> _Try it_
When a record contains an image, skip the image and retype the rest of that record exactly.

> _The records_
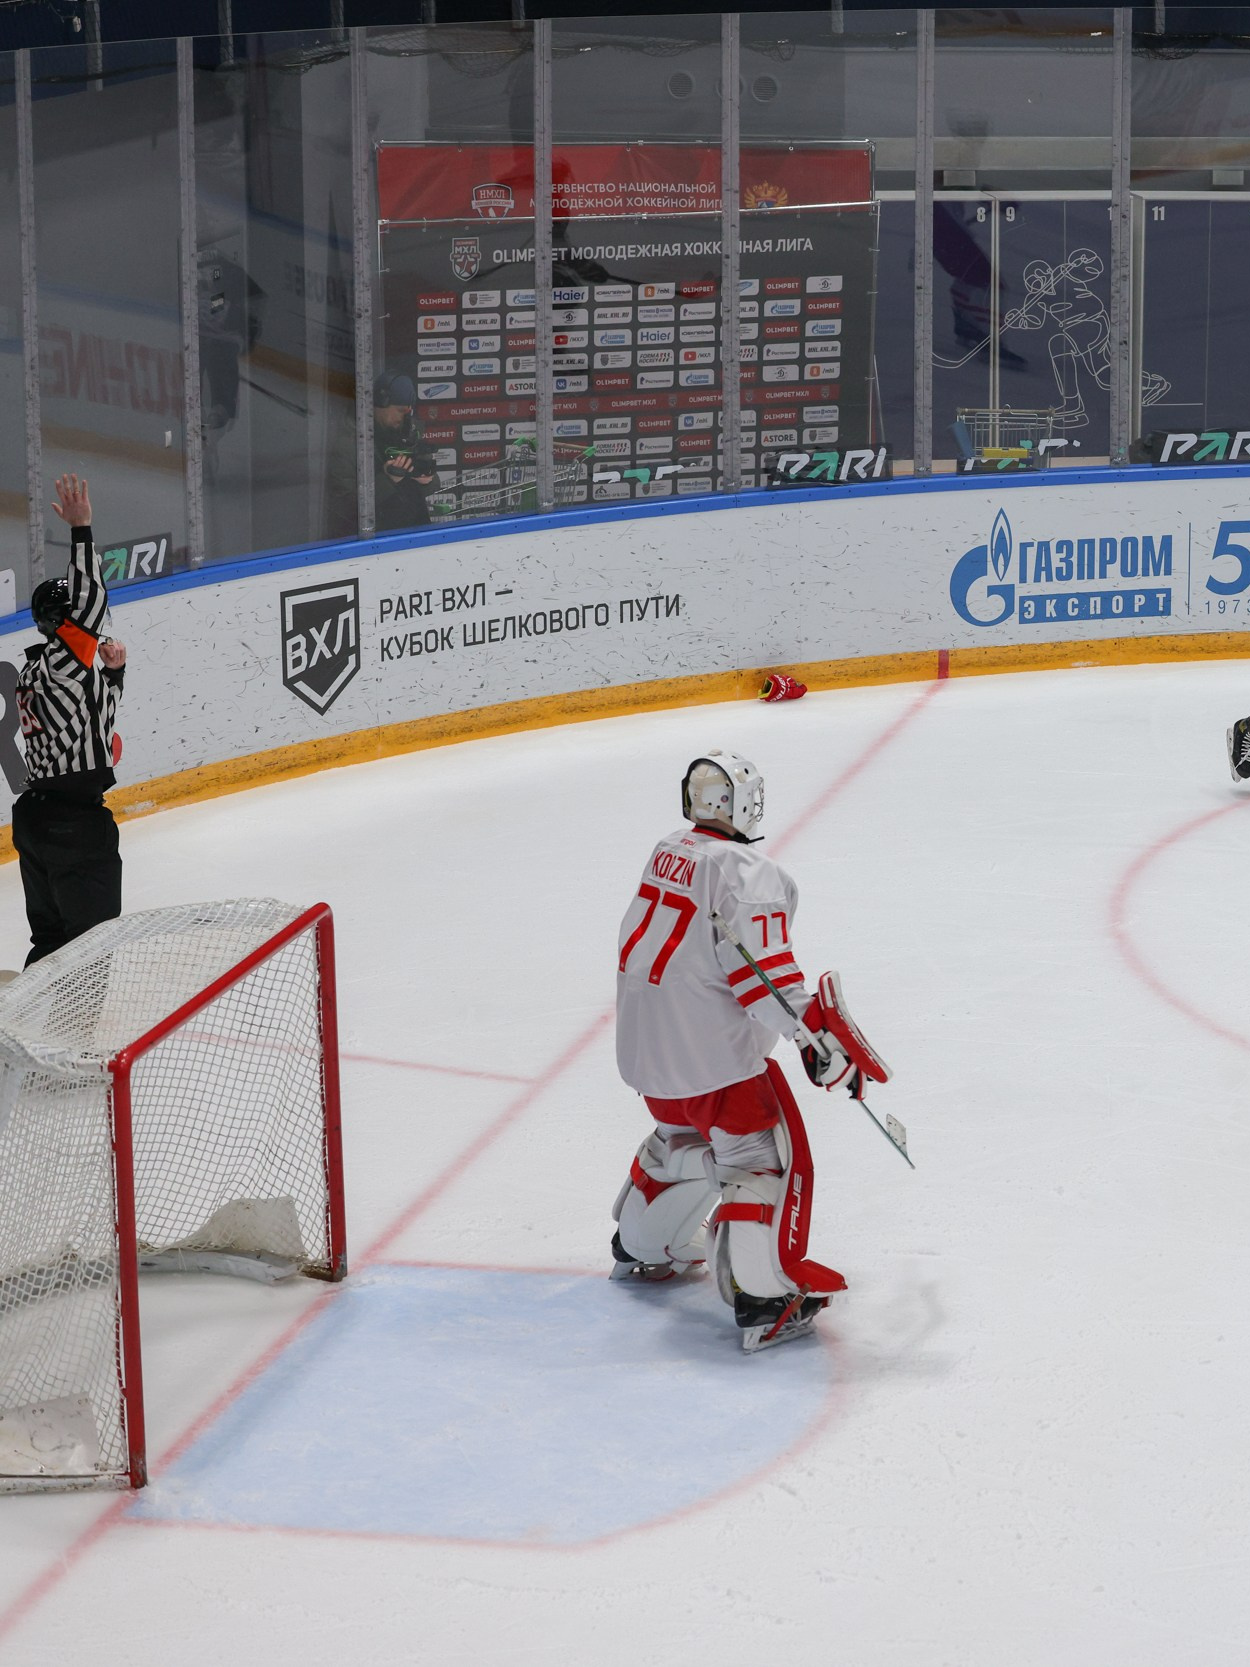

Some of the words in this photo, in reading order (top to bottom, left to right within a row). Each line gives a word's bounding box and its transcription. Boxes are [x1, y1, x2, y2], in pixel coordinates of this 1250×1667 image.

[480, 190, 505, 199] НМХЛ
[551, 183, 616, 195] ЕРВЕНСТВО
[618, 182, 716, 195] НАЦИОНАЛЬНОЙ
[626, 195, 696, 209] ХОККЕЙНОЙ
[976, 207, 986, 223] 8
[1006, 207, 1016, 222] 9
[1152, 206, 1165, 221] 11
[455, 246, 477, 254] МХЛ
[493, 247, 567, 263] OLIMPET
[571, 243, 681, 261] МОЛОДЕЖНАЯ
[684, 240, 772, 255] ХОККНАЯ
[776, 238, 813, 252] ЛИГА
[553, 290, 585, 300] Haier
[640, 331, 671, 341] Haier
[766, 326, 798, 334] OLIMPBET
[464, 385, 498, 393] OLIMPBET
[451, 408, 481, 416] OLIMPBET
[764, 412, 796, 420] OLIMPBET
[101, 538, 167, 582] ARI
[1018, 535, 1173, 584] ГАЗПРОМ
[379, 594, 433, 623] PARI
[442, 583, 486, 610] ВХЛ
[1023, 593, 1167, 621] ЭКСПОРТ
[380, 626, 454, 662] КУБОК
[463, 602, 609, 647] ШЕЛКОВОГО
[619, 593, 681, 624] ПУТИ
[286, 607, 356, 680] ВХЛ
[618, 883, 698, 986] 77
[751, 911, 788, 948] 77
[787, 1172, 803, 1251] TRUE
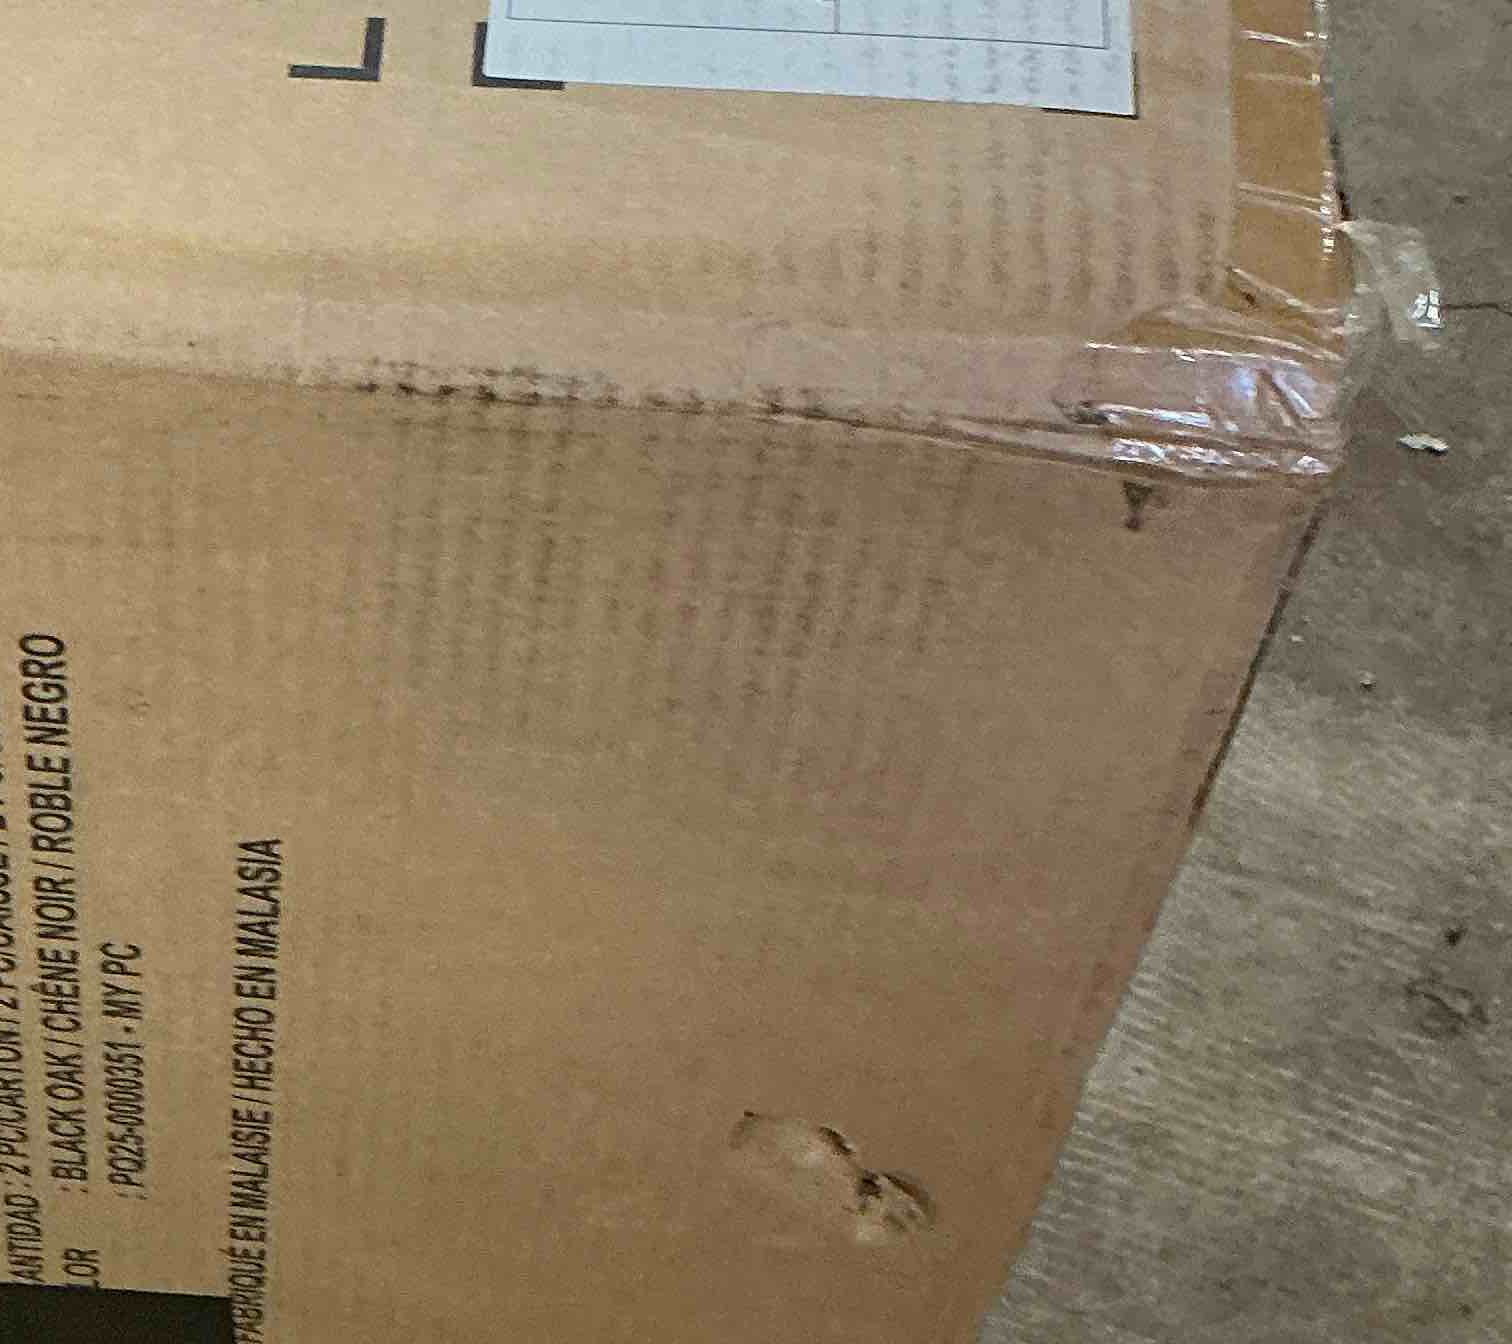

> _Solution to the exercise_
Some of the words in this photo, in reading order (top to bottom, left to right within a row). Each line gives a word's bounding box and its transcription. Boxes are [x1, y1, x2, y2], in pixel coordinates of this 1250×1667 image.

[480, 190, 505, 199] НМХЛ
[551, 183, 616, 195] ЕРВЕНСТВО
[618, 182, 716, 195] НАЦИОНАЛЬНОЙ
[626, 195, 696, 209] ХОККЕЙНОЙ
[976, 207, 986, 223] 8
[1006, 207, 1016, 222] 9
[1152, 206, 1165, 221] 11
[455, 246, 477, 254] МХЛ
[493, 247, 567, 263] OLIMPET
[571, 243, 681, 261] МОЛОДЕЖНАЯ
[684, 240, 772, 255] ХОККНАЯ
[776, 238, 813, 252] ЛИГА
[553, 290, 585, 300] Haier
[640, 331, 671, 341] Haier
[766, 326, 798, 334] OLIMPBET
[464, 385, 498, 393] OLIMPBET
[451, 408, 481, 416] OLIMPBET
[764, 412, 796, 420] OLIMPBET
[101, 538, 167, 582] ARI
[1018, 535, 1173, 584] ГАЗПРОМ
[379, 594, 433, 623] PARI
[442, 583, 486, 610] ВХЛ
[1023, 593, 1167, 621] ЭКСПОРТ
[380, 626, 454, 662] КУБОК
[463, 602, 609, 647] ШЕЛКОВОГО
[619, 593, 681, 624] ПУТИ
[286, 607, 356, 680] ВХЛ
[618, 883, 698, 986] 77
[751, 911, 788, 948] 77
[787, 1172, 803, 1251] TRUE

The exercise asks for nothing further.